En 1949, el famoso escritor británico George Orwell (pseudónimo de Eric Arthur Blair) puso de moda la palabra y el concepto de “neolengua” con su novela 1984, calificada de distópica, aunque en realidad es una profunda sátira política escrita en 1948 (cuyos dos últimos dígitos fueron invertidos para darle título) contra el totalitarismo comunista y el terrible dictador vitalicio Iósif Stalin.
Orwell bautizó como “neolengua” a la sistemática manipulación del lenguaje efectuada por la élite gobernante de la extinta Unión Soviética para renombrar la realidad mediante la alteración intencional del significado de las palabras. Una práctica propia de los sofistas y demagogos de la Antigüedad griega, también practicada por Julio César, quien, en su ambición por convertirse en rey aboliendo la República romana, logró titularse “Cónsul Vitalicio” y “Dictador Perpetuo”, cargos públicos originalmente temporales, desnaturalizados. También Napoleón Bonaparte —el general golpista, doblemente traidor a la Revolución Francesa al restaurar la monarquía en cabeza propia y restablecer la esclavitud abolida por ley en 1794— es un ejemplo de la neolengua en acción. Se autoproclamó primero “Cónsul Vitalicio con derecho a nombrar sucesor”, imitando a Julio César, y después, sin escrúpulos, “Emperador de los Franceses”. Porque Francia, que había ejecutado en la guillotina al rey Luis XVI y a la reina María Antonieta, proclamó públicamente que “nunca más sufriría el yugo de un rey”. Pero Napoleón “no era un rey”, sino un “emperador”, y no de Francia, sino “de los franceses”. ¡Pura neolengua! Esto explica que en Estados Unidos, adalid de la democracia moderna —que logró su independencia hace más de dos siglos al ganar la guerra contra los ejércitos del rey de Inglaterra— muchos se alarmaran ante las palabras insensatas del presidente Trump al exclamar “¡Larga vida al rey!”, quien ahora especula con reelegirse en el cargo contra normas constitucionales, como cualquier tiranuelo tercermundista, incluso afirmando que puede intentarse una nueva interpretación jurídica, como sucede con los “jueces” de las “repúblicas bananeras”, sometidos al yugo de los capataces de turno, quienes sin vergüenza alguna afirman que lo ordenado por sus jefes es lo que debe leerse en sus constituciones, y no lo escrito en el texto constitucional. Puros disparates para obedecer la arbitrariedad de los tiranuelos.

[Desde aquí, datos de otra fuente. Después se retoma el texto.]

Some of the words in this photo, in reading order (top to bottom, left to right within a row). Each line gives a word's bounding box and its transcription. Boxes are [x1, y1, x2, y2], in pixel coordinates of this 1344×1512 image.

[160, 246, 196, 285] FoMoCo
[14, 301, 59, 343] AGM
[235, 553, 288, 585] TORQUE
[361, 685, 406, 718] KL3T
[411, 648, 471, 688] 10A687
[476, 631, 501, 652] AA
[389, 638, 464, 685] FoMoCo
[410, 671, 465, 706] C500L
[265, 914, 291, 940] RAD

Los totalitarismos de la utopía marxista, tanto en Europa como en el resto del mundo, eran —o son— adictos a la neolengua. Era común llamar a sus estados totalitarios “República Democrática Popular”, aunque jamás fueron repúblicas, ni democráticas, ni populares: solo expresiones propias o impuestas (en los casos de los estados satélites de la Rusia comunista invadidos por el Ejército Rojo durante la Segunda Guerra Mundial) de una tiranía monárquica, con sistema de partido único, economía colectivista y oligarquía gobernante con poder para reprimir, aplastar y erradicar toda oposición.

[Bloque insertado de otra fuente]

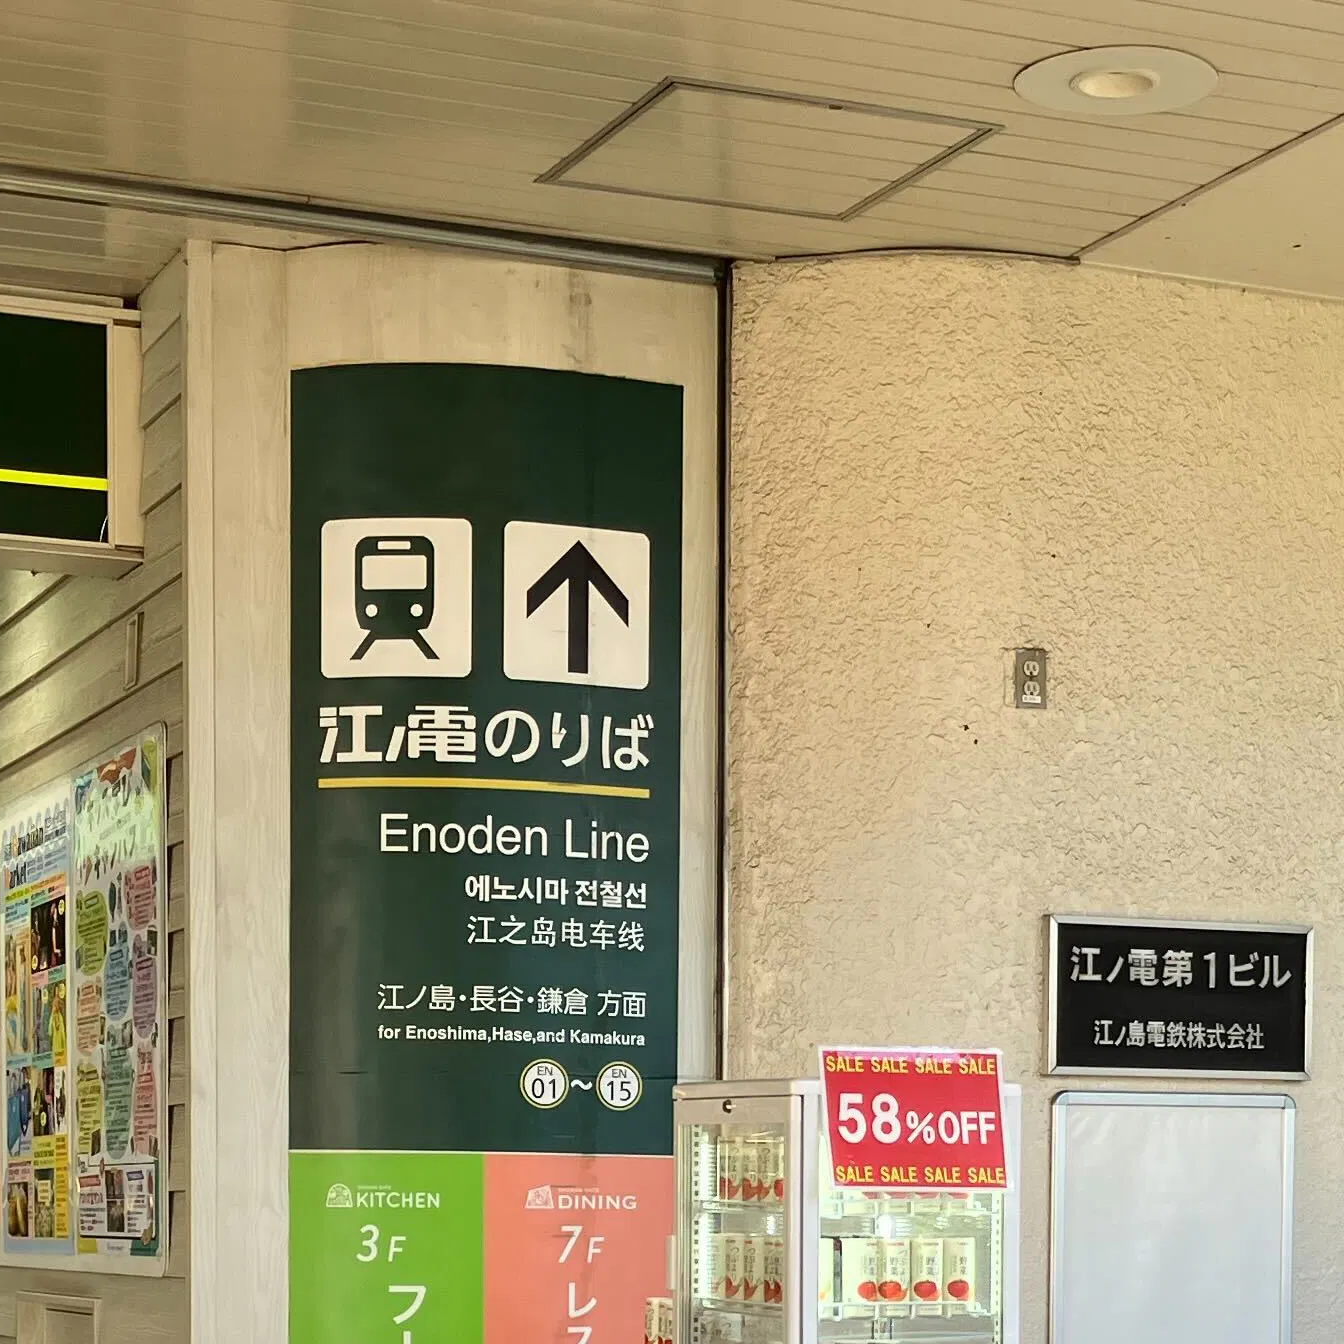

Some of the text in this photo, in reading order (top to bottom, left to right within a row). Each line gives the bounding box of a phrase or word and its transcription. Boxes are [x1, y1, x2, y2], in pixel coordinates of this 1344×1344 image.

El ideólogo alemán Karl Marx plagió el Manifiesto de los Iguales, publicado en un periódico de París en 1794 por el revolucionario francés François “Graco” Babeuf (guillotinado en 1797 por el gobierno francés), líder del Movimiento de los Iguales, inspirado en la antigua Esparta de Licurgo, los Homói (“Los Iguales”) y la Utopía de Tomás Moro. Marx sustituyó la expresión “dictadura de los trabajadores”, usada por Babeuf, por la inexacta y encubridora “dictadura del proletariado” (siempre imaginaria, porque nunca gobernaron los obreros, soldados ni campesinos, sino los directivos del partido único, convertidos en nueva oligarquía), en un ejemplo marxista del poder manipulador de la neolengua. Este gusto por la neolengua lo comparten todos los autócratas contemporáneos, y los totalitarios son los peores, sean fascistas o comunistas.
En 1949, al publicarse 1984, se creía enterrado para siempre el fascismo, derrotado en Italia y Alemania (el nazismo, su peor versión), y por eso Orwell se centró en el totalitarismo comunista encarnado en Stalin, “El Gran Hermano”. Aunque ya sabemos que el fascismo, como el totalitarismo comunista y toda autocracia, siempre amenazan a la democracia por ser sus enemigos existenciales. La democracia es un invento revolucionario de los antiguos griegos de la Atenas de Clístenes, en el siglo VI a.C., quienes concibieron un gobierno colectivo electo por el pueblo, con mandatos temporales (lo opuesto a la reelección ilimitada y el carácter vitalicio) y división del poder público, con elecciones libres, igualdad ante la ley y responsabilidad de los gobernantes. La democracia es nueva frente a la antigüedad incunable de la monarquía absoluta, que inventó el mítico “derecho divino de los reyes”, una mentira para esconder sus orígenes guerreros. (La monarquía constitucional es una transacción entre los aristócratas y el pueblo para sobrevivir al poder popular en una democracia parlamentaria, conservando los monarcas un rol simbólico y protocolar, y ejerciendo el Parlamento el poder político.) La utopía marxista degeneró en totalitarismo comunista, una forma encubierta de monarquía absoluta, una reacción contra la democracia. Y como toda monarquía, puede ser electiva (cuando la oligarquía del partido único escoge de su seno al “monarca comunista”, como en la China actual o en la extinta URSS) o dinástica (cuando el monarca comunista impone como sucesor a un familiar, como en Corea del Norte). Constituye, en ambos casos, una manera de sustituir la democracia por la monarquía. Lo mismo sucede con el fascismo, que hoy vemos renacer como neofascismo, neonazismo o con otros disfraces o etiquetas.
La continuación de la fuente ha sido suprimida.